Originally Posted by
cokemaster
I start looking into this in more detail, but it raises more questions than answers. Just for clarification; the difference in this discussion is what your system can deliver without permanent damage (i.e. temperature or current getting to high so you get irreversible damage) and what is required to move a car from A to B in a certain time frame. For the same condition (weight, time) it will take the same energy regardless of what system you have (2S or 3S) to move the car from A to B. This energy is equivalent to what the “car” load your system with in wattage. So for the same load you require the same wattage (power) from your system. So derived from P = U x I (power = voltage x current). This is a simplification, but more about that later. Consequently, when voltage increases the current decreases and vice versa for constant power demand.
It is not a constant power situation with a given motor, the 13.5 originally asked about, as you acknowledge a couple times later in your post. But for discussion, achieving the equal power, and equal A-B times, with significantly different voltages likely requires a different motor to accomplish the current change.
The Ohms law is only true for ohmic system like resistor and wires which is not the case for a brushless motor. If you look up a motor equation you will see that you have to take into account reactive forces like EMF, etc. But if you could apply Ohms law your statement would be true. However, I have stated from the beginning that you cannot increase voltage above your rating without risking permanent damage. If your system is rated for 3S you can run 3S and lower, A 3S system does not run hotter than a 2S if you e.g. use a Traxxas VXL system. Yeah, it will if you do not change your gearing, but that it’s like running any wrong pinion in your 2S car.
The original question is about sizing the ESC, which needs to handle the peak amps involved. Peak amps occur at stall where the more complex aspects of a motor are not terribly significant, and it is mostly resistance. But even at higher RPM where back EMF comes into play, effectively creating complex impedance and reducing current, Ohm's Law still works, just requires complex math to work out and it varies with RPM. Trends remain the same.
Obviously there are other considerations and limits to the system as mentioned.
Obviously, by lowering your voltage you will have less available power,
YES!
and for the old system using NiCd or NiMh batteries with a typical cell voltage of 1.2V that would discharge to around 1.0V would give you a total loss of 1.2V for a six cell pack. That is equal voltage drop for a lipo battery (8.4V -7.2V), so why do we not see this “power loss” from start to end for a brushless system, like we did for the “old” system?
Much of it is due to the greater capacities. With lipo at least in racing cells are frequently not drained very far with a 13.5 in typical race heats. Wasn't always the case with lower capacity nickel cells combined with less efficient brushed motors which used more. A situation where say only 30% of the pack is used compared to 80 or 100% makes a big difference all by itself, regardless of cell chemistry.

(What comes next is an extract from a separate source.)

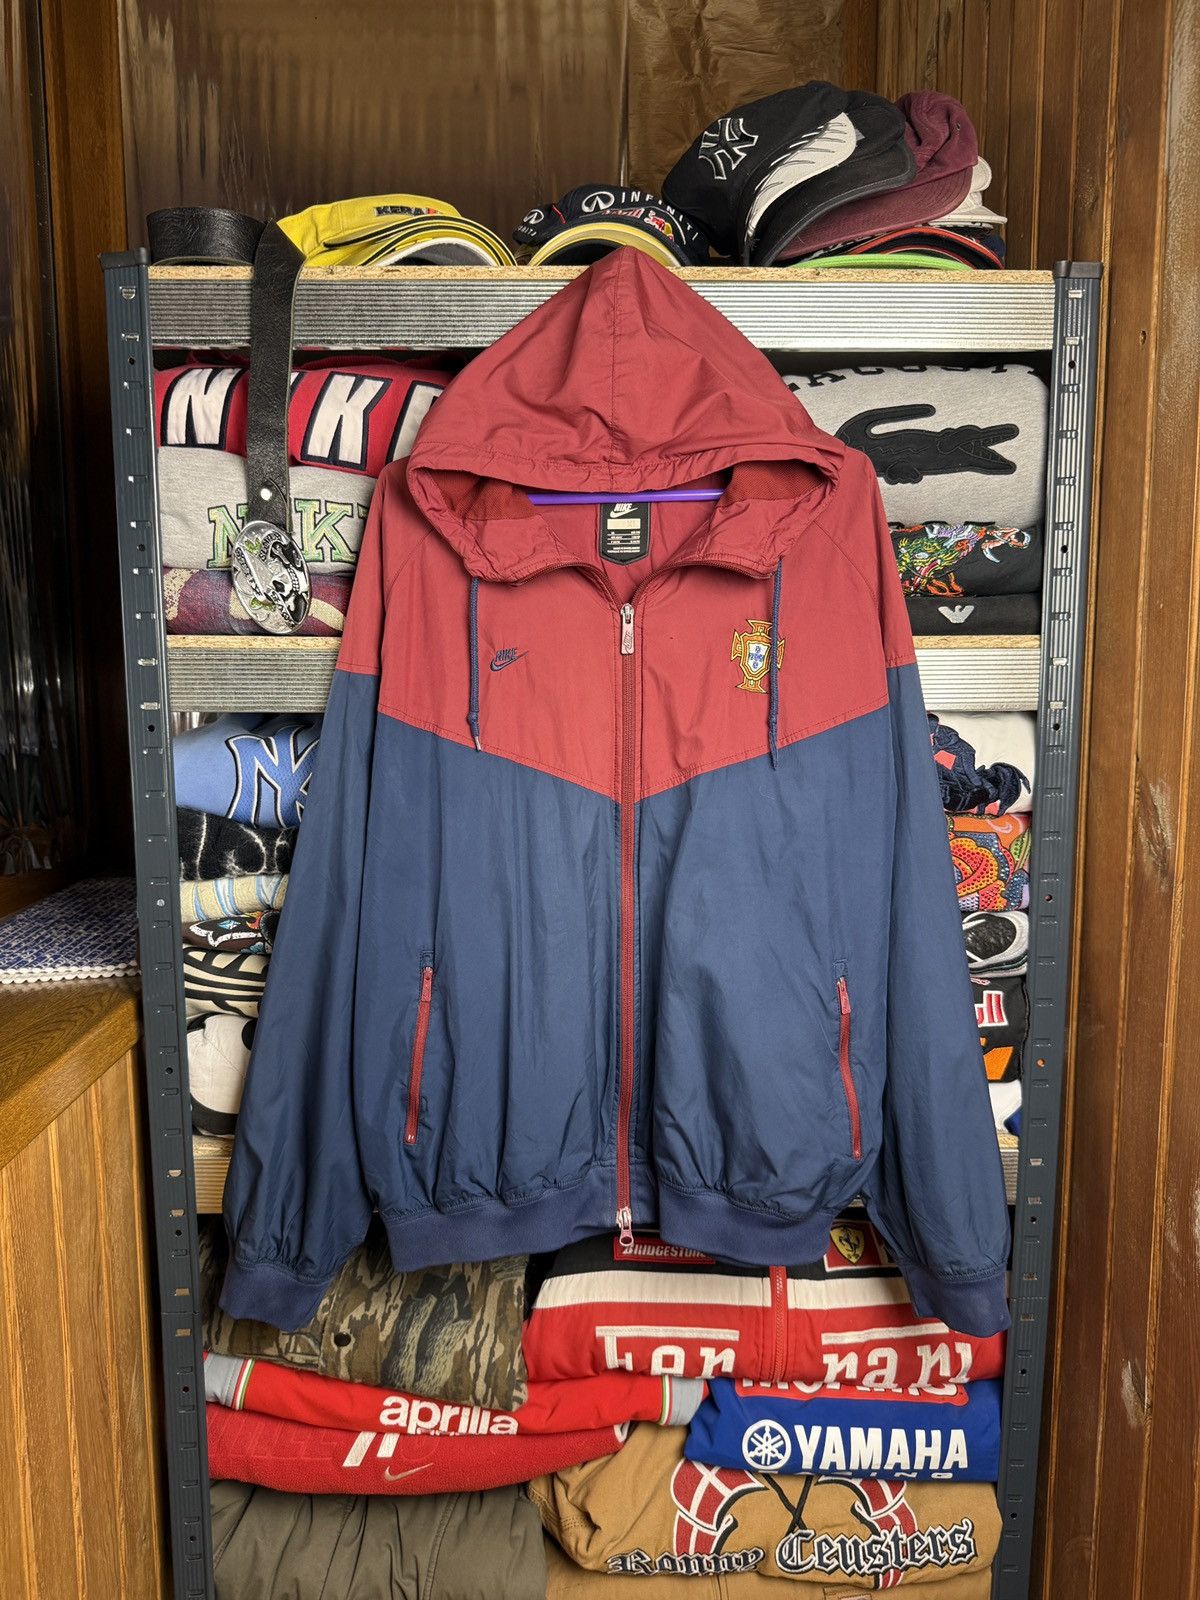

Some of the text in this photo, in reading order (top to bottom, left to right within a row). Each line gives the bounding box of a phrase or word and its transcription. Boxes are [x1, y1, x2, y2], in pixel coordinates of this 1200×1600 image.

To be fair fresh really good nimh cells can come close in discharge flatness, but in practice are very hard to keep that way.

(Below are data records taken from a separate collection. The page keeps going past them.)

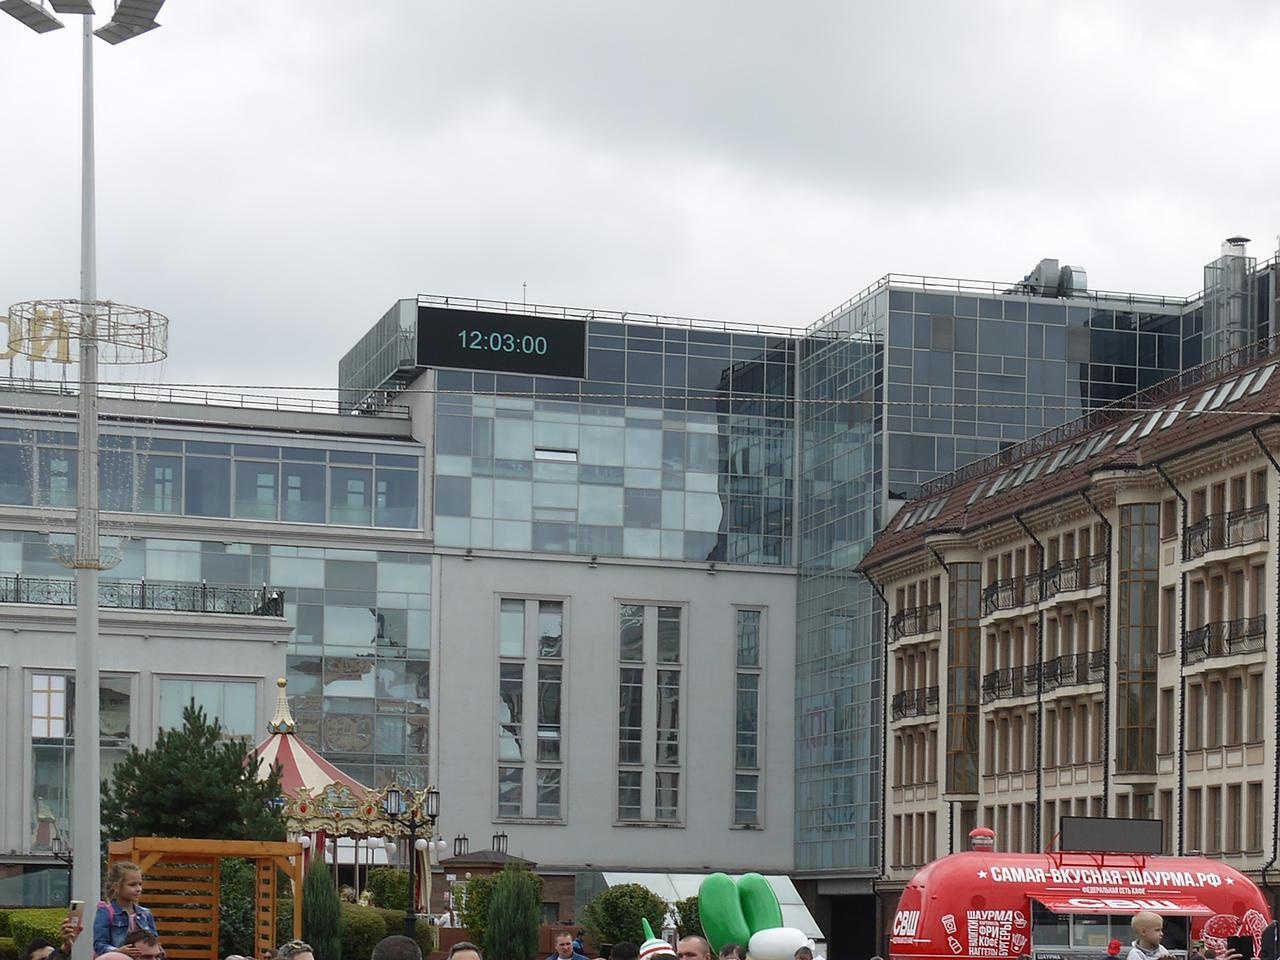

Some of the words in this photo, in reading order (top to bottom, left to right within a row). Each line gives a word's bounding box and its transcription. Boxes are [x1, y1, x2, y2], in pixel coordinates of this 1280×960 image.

[458, 330, 548, 355] 12:03:00
[990, 866, 1221, 888] САМАЯ-ВКУСНАЯ-ШАУРМА.РФ
[1068, 899, 1181, 910] СВШ
[967, 910, 1013, 920] ШАУРМА
[893, 911, 920, 936] СВШ
[979, 926, 999, 938] ФРИ
[979, 938, 999, 947] КОФЕ

It got me thinking. An ESC is a PMW device (Pulse Width Modulation) and it’s basically using its duty cycle to control the average voltage the motor sees. The longer the cycle, the higher the average voltage which again increase the RPM of your motor. What if the ESC modulates so you never get above 7.2V regardless you battery voltage (8,4V -7,2V). Thus the car will be 100% consistent during your race. Also, that make sense that Novak rate their motors with 7.2V and not 8.4V. But this is just my theory.
Pure hypothetical, that's not the way ESC's work. Although some would like that capability. The 7.2V used for the motor data is likely a remnant of nimh days.
I never stated that voltage did not impact power (well it was not my intention anyway
). I don’t know much about 4S versus 6S, but lower KV gives you higher rating (watts) so would it not be a normal thing to increase your voltage so you can decrease your current which give you less voltage drop and lower temperature (less current give you less temperature rise in a motor).
Point remains it takes a motor/load change to accomplish. Perhaps not in the way you seem to be stating, as all else equal a lower KV motor has a lower watt capability at a given voltage. Reference the Novak chart linked earlier.